高耐食性、耐電食性、カラー化、損傷耐食性に優れた薄膜表面処理
ラスパート
金属亜鉛処理後、金属亜鉛層を不活性化し次ぎの表面焼成層との密着を良好にする化成皮膜処理、そしてセラミック系材料の皮膜塗装、焼付け処理という工程で強靭なセラミック系皮膜が傷を防ぎ、傷ついても複合皮膜なので鉄素地の錆びを防ぎます。
高耐食性、耐電食性、カラー化、損傷耐食性に優れた薄膜表面処理です
ラフレ
亜鉛・錫・アルミニウムの3種類の金属を含有する密着性に優れた無機系皮膜。クロムフリーで高耐食さらに超薄膜です。
黒染め
RoHS 〇
防錆力 △
黒染めは四酸化鉄皮膜、パーカーライジングはリン酸塩皮膜になります。どちらも表面にべたつきがあります。
鉄生地
RoHS 〇
防錆力 ×
鉄生地とは鉄の素地がそのままむき出しになっている状態のことです。錆びやすいので防錆油がついています。
コーティング材
JNステンコート
鉄メッキの錆にお困りの方に
亜鉛ニッケル合金めっき(ジンロイめっき+三価クロム化成皮膜)上に塗布することにより、ステンレスと同等以上の高耐食性とステンレスに近い独自の外観が得られる画期的なコーティング材です!

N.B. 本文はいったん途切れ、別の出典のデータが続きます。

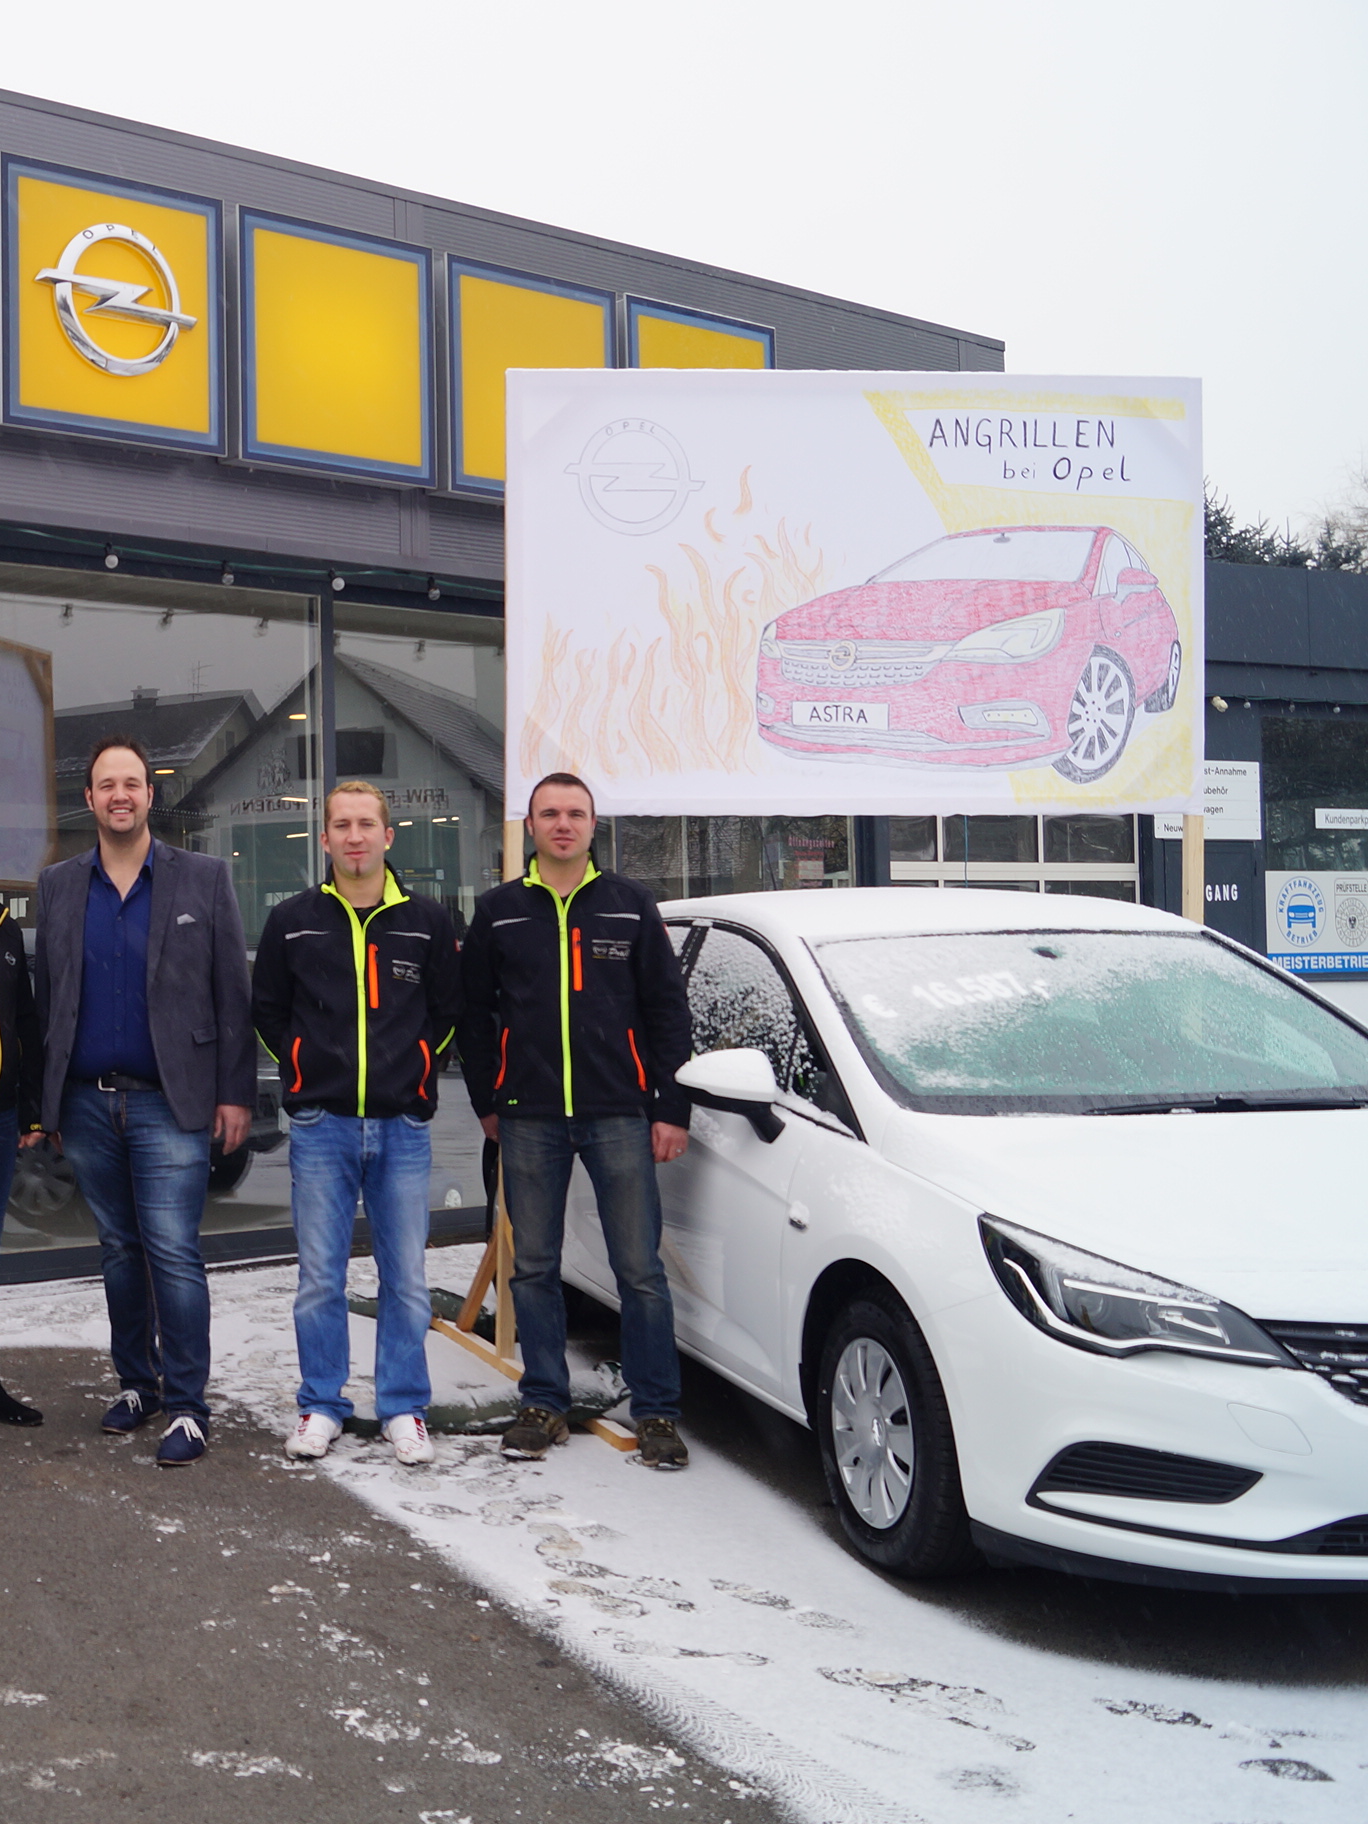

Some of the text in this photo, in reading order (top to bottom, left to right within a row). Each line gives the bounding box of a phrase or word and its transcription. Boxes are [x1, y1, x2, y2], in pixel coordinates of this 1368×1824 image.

ステンレスの代替品として自動車部品等の防錆・外観の向上対策に効果的です!コストダウンにも!
デルタプロテクト
デルタプロテクトとはドイツで開発された六価クロム・三価クロムを一切含まない環境配慮型の薄膜型防錆処理コーティングです。
酸洗いや電解工程がないので水素脆性による遅れ破壊が発生しては困る商品の為の高耐食表面処理です。
ドラール
亜鉛メッキ鋼材切断面や溶接箇所等のタッチアップを目的としたクロムフリーの補修用塗料です。

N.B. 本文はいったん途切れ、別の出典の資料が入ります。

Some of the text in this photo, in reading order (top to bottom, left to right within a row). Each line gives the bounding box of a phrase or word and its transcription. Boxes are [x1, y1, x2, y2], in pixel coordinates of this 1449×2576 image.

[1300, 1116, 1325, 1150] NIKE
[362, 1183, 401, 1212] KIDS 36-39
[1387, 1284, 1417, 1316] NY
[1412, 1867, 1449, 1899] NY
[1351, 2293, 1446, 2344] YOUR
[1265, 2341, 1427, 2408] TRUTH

薄膜でも高い耐食性を有するので、亜鉛めっき補修の他にも、鉄鋼材の切り口や溶接箇所の防食を目的としたクロムフリーの補修用塗料として用いられます。
RoHSとは?
RoHSとは「ローズ」と読み、ヨーロッパ生まれの環境規制「RoHS指令」のことを示します。
この「RoHS指令」では、電気・電子機器において、「鉛、水銀、カドミウム、六価クロム、特定臭素難燃剤2種(PBBとPBDE)の6物質」の使用を禁止しています。 この規制は、EU(欧州連合)内の2006年7月に施行された法規制で、日本での規制ではありませんが、今後、地球環境破壊への配慮や人体への有害性を最小限にすることを目的とし、日本でも鉛、水銀、カドミウム、六価クロム、特定臭素難燃剤2種を使用しないモノづくりが注目されています。

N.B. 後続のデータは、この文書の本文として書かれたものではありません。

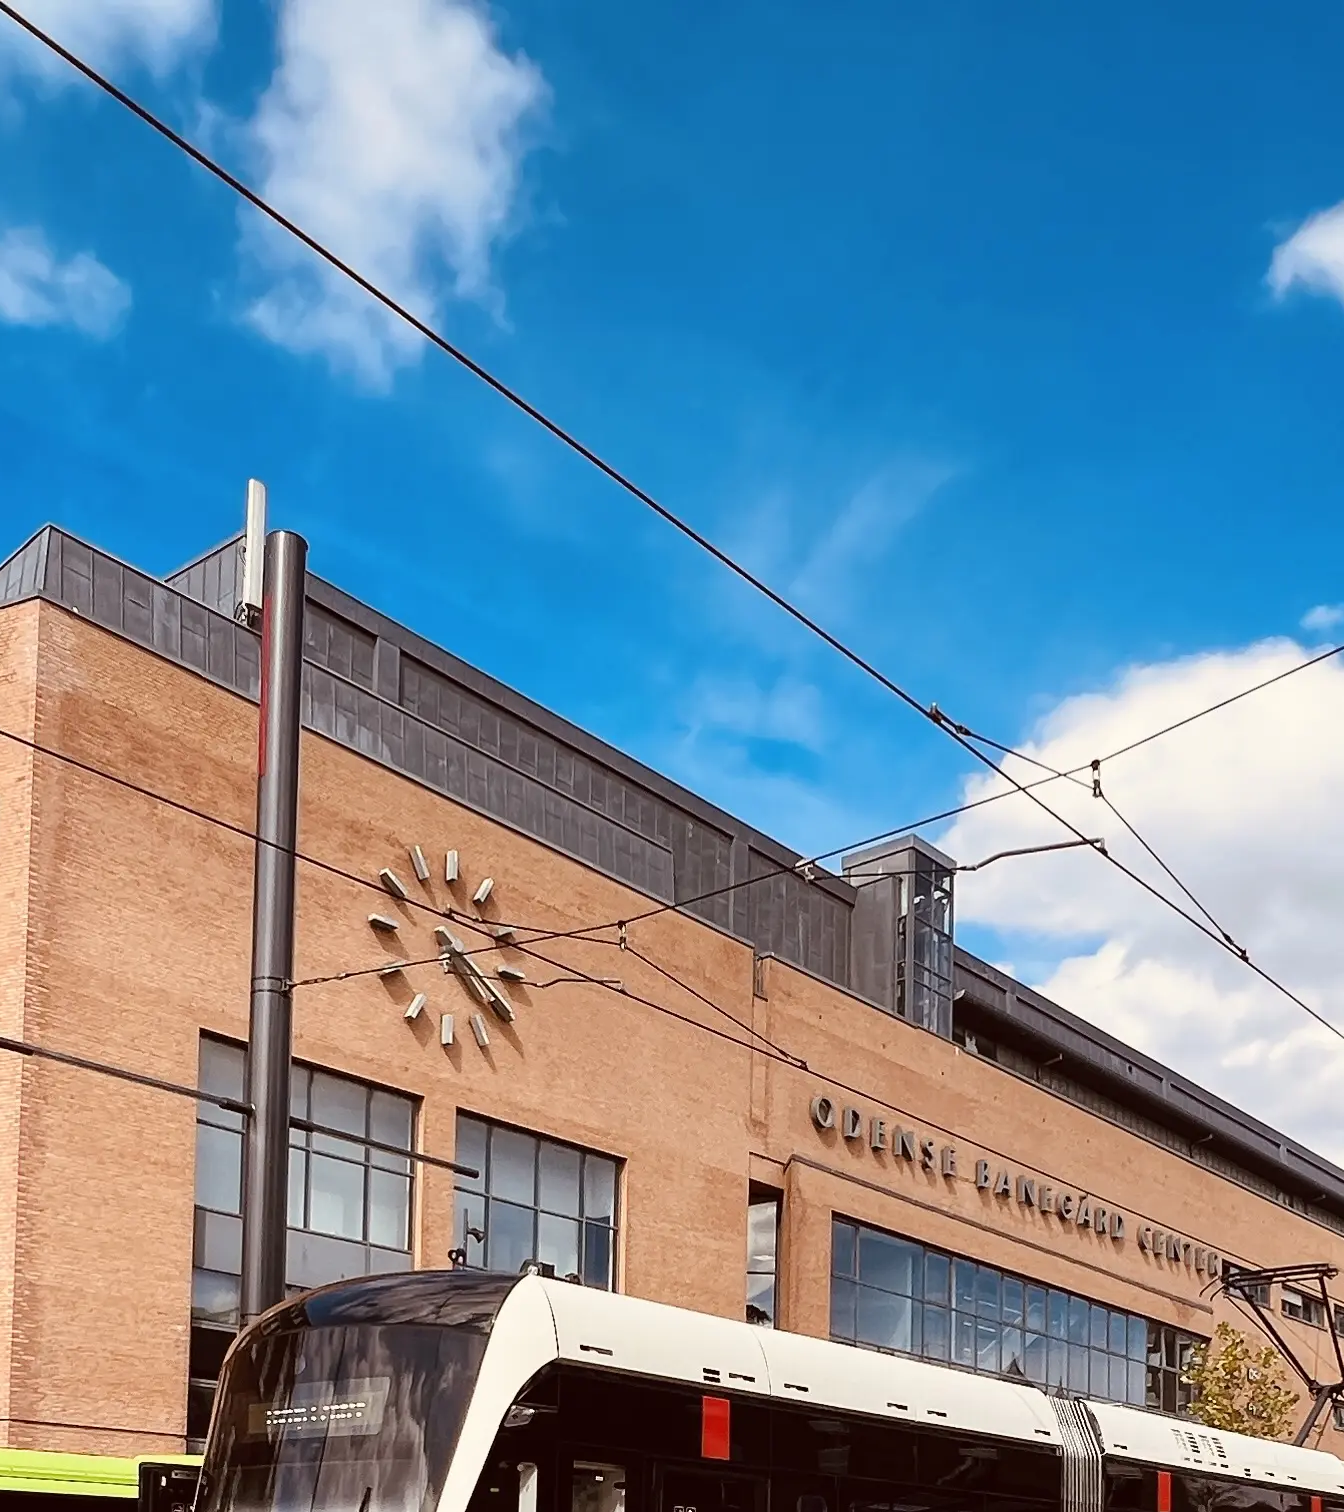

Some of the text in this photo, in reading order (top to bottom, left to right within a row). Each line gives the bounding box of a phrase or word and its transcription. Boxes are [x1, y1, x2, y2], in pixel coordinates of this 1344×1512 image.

締結部品関連においては、六価クロム、カドミウム、鉛を使用しない表面処理、材質への移行が求められており、環境対応商品・環境配慮型などと呼ばれています。
規制値について
鉛・水銀・六価クロムは0.1wt%(1.000ppm)、カドミウムについては0.01wt%(100ppm)を上限値としていますが、適用除外規定により鉛は鋼材の場合は0.35wt%、銅合金材に場合は4.0wt%までの含有が認められています。(カドミウムは75ppm以下を受け入れ基準として認定するケースが一般的です)
六価クロムについて
RoHS指令の対象になっている6つの物質の中でも、六価クロムは、ねじの表面処理として多く利用されてきました。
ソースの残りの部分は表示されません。